Passados seis anos, o projeto inicial foi para o espaço. A previsão mais
recente é entregar a obra dois anos depois do prazo inicialmente previsto – e
pelo dobro do valor do orçamento original, ou 4 bilhões de reais.
Casos como
o da Sabesp não faltam no Brasil. Um levantamento realizado por Exame, com os 1
566 principais empreendimentos em projeto ou em execução no país, revela que
27% deles tiveram acréscimo no valor original de mais de 80 bilhões de reais.
O
principal motivo apontado por especialistas para que as obras no Brasil
ultrapassem – e muito – o valor previsto é a falta de planejamento. A Lei de
Licitações permite que os empreendimentos sejam feitos com base na elaboração
de projetos básicos, que incluem menos detalhes do que os projetos executivos.
Com
informações menos precisas, a estimativa de custo inicial, muitas vezes,
mostra-se irreal. Isso faz com que alguns especialistas defendam que as obras
só podem começar depois da elaboração de um projeto executivo.
Um
planejamento minucioso seria desejável, mas, para os gestores, nem sempre é
viável. No caso da Sabesp, o valor inicial da terceira etapa do projeto de
despoluição do rio Tietê foi estimado com base na experiência das duas fases
anteriores. “Se parássemos tudo para fazer um projeto executivo em 2007,
perderíamos o tempo e não daríamos continuidade à obra”, afirma João Paulo
Tavares Papa, diretor de empreendimentos da Sabesp.
O Tribunal
de Contas da União (TCU) acredita que o cenário seria bem melhor se os
projetos, mesmo no estágio básico, fossem bem elaborados. Mas não é o que
acontece. Das 200 obras que sofreram intervenção do TCU em 2012, 45% tinham
projetos deficientes – esse foi o principal problema verificado. “O gestor encara
o plano básico como mera formalidade e não tem estrutura para avaliá-lo”,
afirma Eduardo Nery, secretário de fiscalização de obras de energia e
saneamento do TCU.
Sem a
atenção devida, os projetos são elaborados quase no piloto automático, seguindo
os parâmetros dos anteriores, mas, não raro, acabam errando na avaliação. No
caso da construção da usina Angra 3, o primeiro orçamento previa um custo de
7,3 bilhões de reais. Hoje, está em 14 bilhões de reais.
A
Eletronuclear, responsável pela obra, diz que foi pega de surpresa pelo câmbio.
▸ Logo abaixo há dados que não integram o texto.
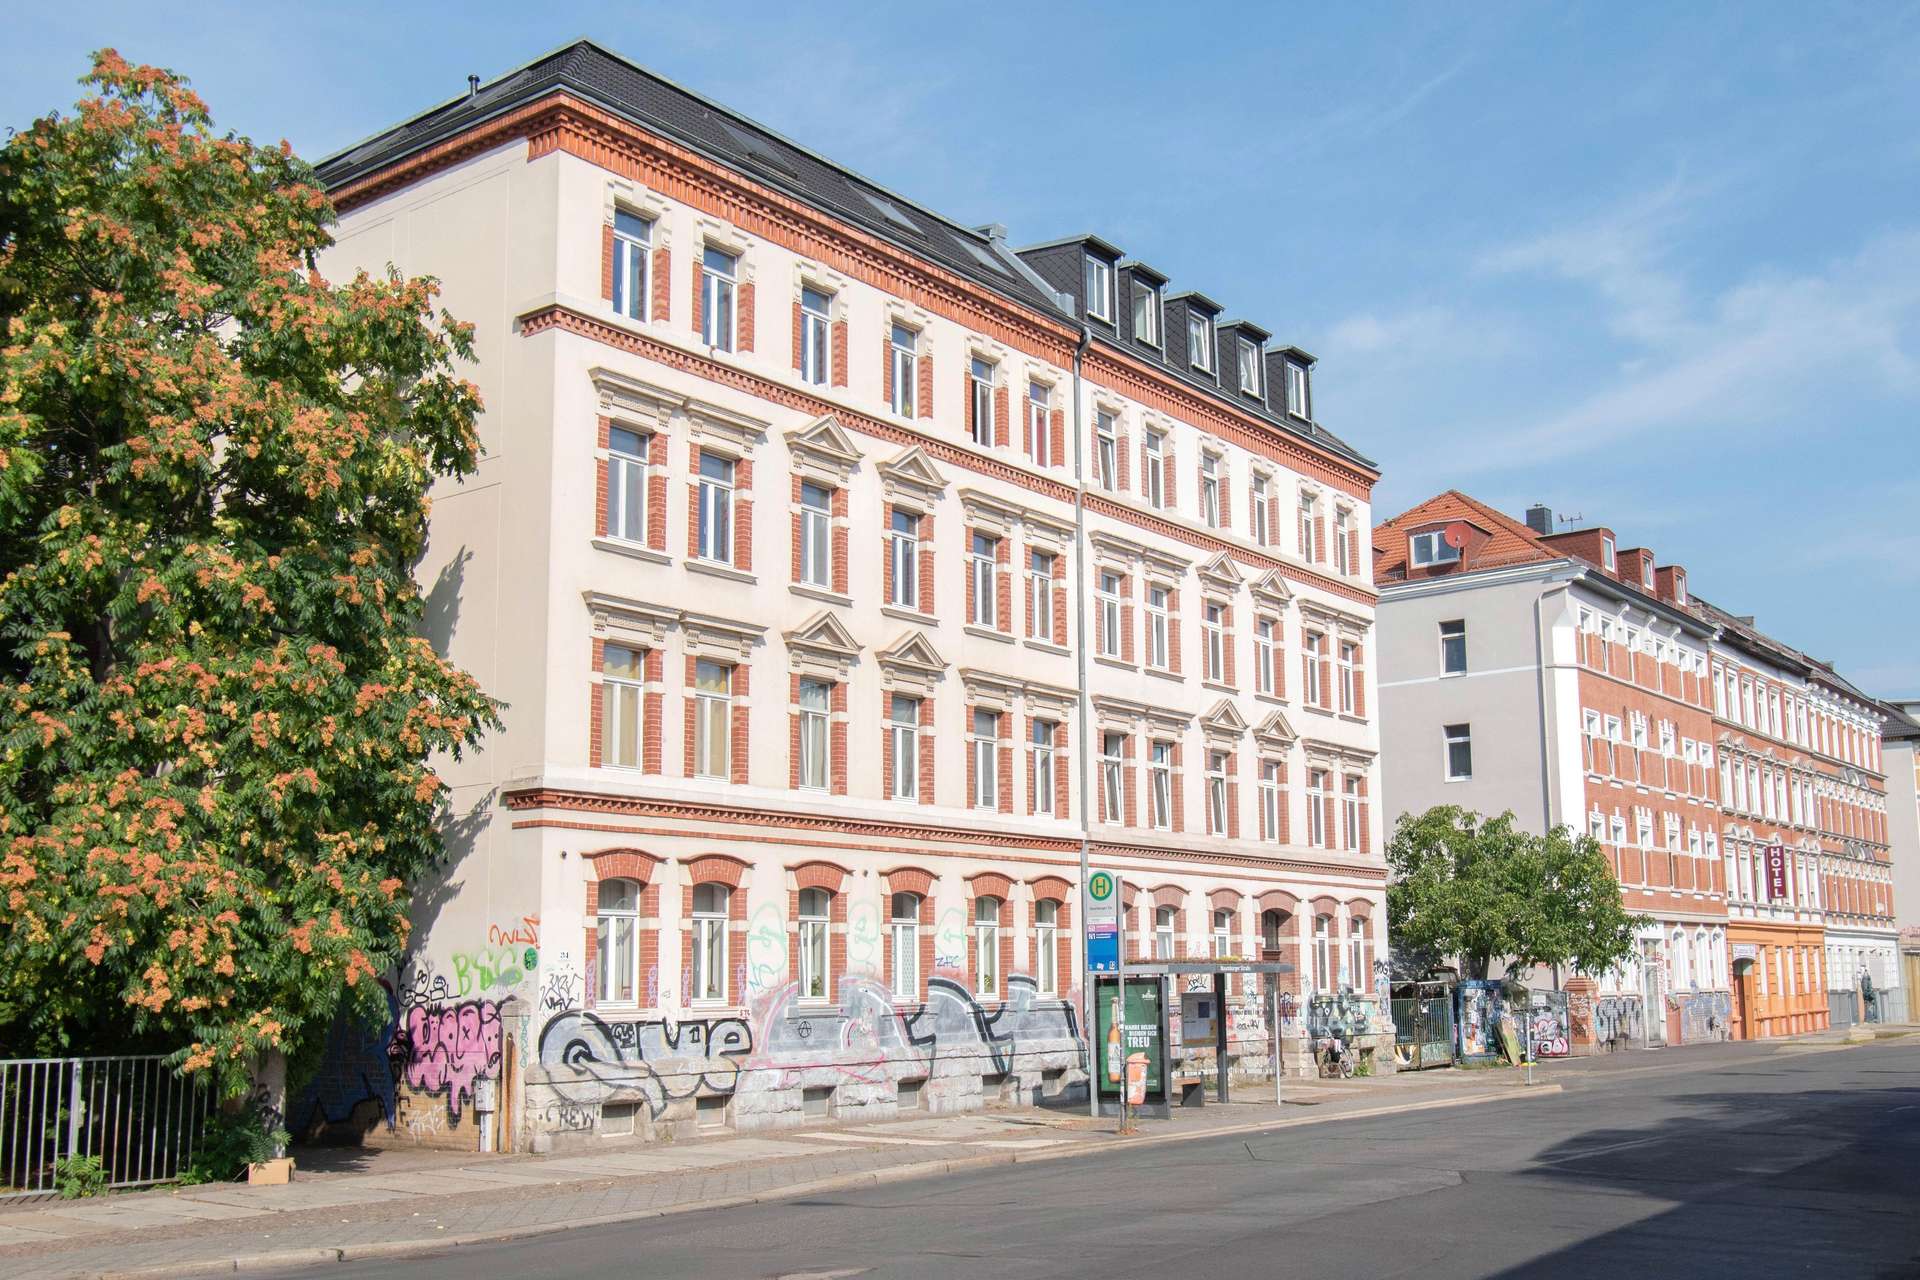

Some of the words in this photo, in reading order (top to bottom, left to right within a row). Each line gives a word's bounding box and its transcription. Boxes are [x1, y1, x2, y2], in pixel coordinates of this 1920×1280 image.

[1770, 847, 1783, 897] HOTEL
[1095, 878, 1106, 896] H
[1127, 1036, 1150, 1048] TREU
Em 2013, a desvalorização do real em relação a outras moedas fez o custo com
equipamentos importados crescer 15% – a reserva de contingência para cobrir os
gastos imprevistos era de apenas 5%.
O fato de
grandes obras estourarem o orçamento não é exclusividade do Brasil. Uma
pesquisa do governo britânico mostra que, mesmo com a criação de um
departamento específico para zelar que os planos aprovados sejam cumpridos à
risca, apenas um terço dos maiores projetos do país é entregue dentro do prazo
e do orçamento previstos.
Mas, como
num cheque especial, a conta só pode estourar até um limite estabelecido. “Em
uma obra mais complexa, considera-se aceitável um aumento de até 50% no custo”,
diz Paulo Fleury, presidente do Instituto de Logística e Supply Chain (Ilos).
A
realidade tem sido bem diferente no Brasil. Um levantamento do Ilos com os 12
maiores projetos do Programa de Aceleração do Crescimento mostra que, em média,
o custo final foi 85% maior do que o inicial.
Além de
falhas no projeto, outro motivo que contribui para a conta estourar no Brasil é
que, na maioria das concorrências, o vencedor é a empresa que propõe tocar a
obra pelo menor preço. Com frequência, as empresas reduzem o valor a um patamar
deliberadamente baixo, com a intenção de ganhar a concorrência e, no decorrer
do projeto, apresentar aditivos para elevar o preço inicial.
A
legislação brasileira permite que, nas licitações, esses aditivos sejam de até
25% sobre o valor inicial. “Os tribunais entendem agora que, quando o pedido
decorre de alteração do projeto para adequá-lo tecnicamente, pode-se superar
esse limite”, afirma a advogada Letícia Queiroz, especialista em direito
regulatório do escritório Siqueira Castro.
O novo
entendimento abre espaço para discussões. A Petrobras está no centro de uma
disputa recente sobre o tema. Algumas de suas prestadoras de serviço acusam a
estatal de mudanças no escopo dos orçamentos contratados e pedem a liberação de
mais recursos para terminar as obras do Complexo Petroquímico do Estado do Rio
de Janeiro (Comperj). A Petrobras acusa as prestadoras de serviço de abusar de
aditivos. O caso está na Justiça.
Para
evitar o pedido exagerado de aditivos, o governo criou o regime diferenciado de
contratação. Nele, a concorrência é feita com base em uma estimativa de valor
dos gestores públicos. Depois de contratada a empresa, ela é responsável por
fazer todos os projetos. No entanto, não pode exigir aditivos.
O modelo
tem sido criticado pelos participantes das concorrências, que dizem que os
preços definidos pelos órgãos públicos estão defasados. Resultado: as
licitações têm fracassado. Foi o caso das obras para construir uma segunda
ponte da Amizade, entre o Brasil e o Paraguai.
As sete
empresas concorrentes apresentaram um valor mínimo de 217 milhões de reais em
abril deste ano. O Departamento Nacional de Infraestrutura de Transporte (Dnit)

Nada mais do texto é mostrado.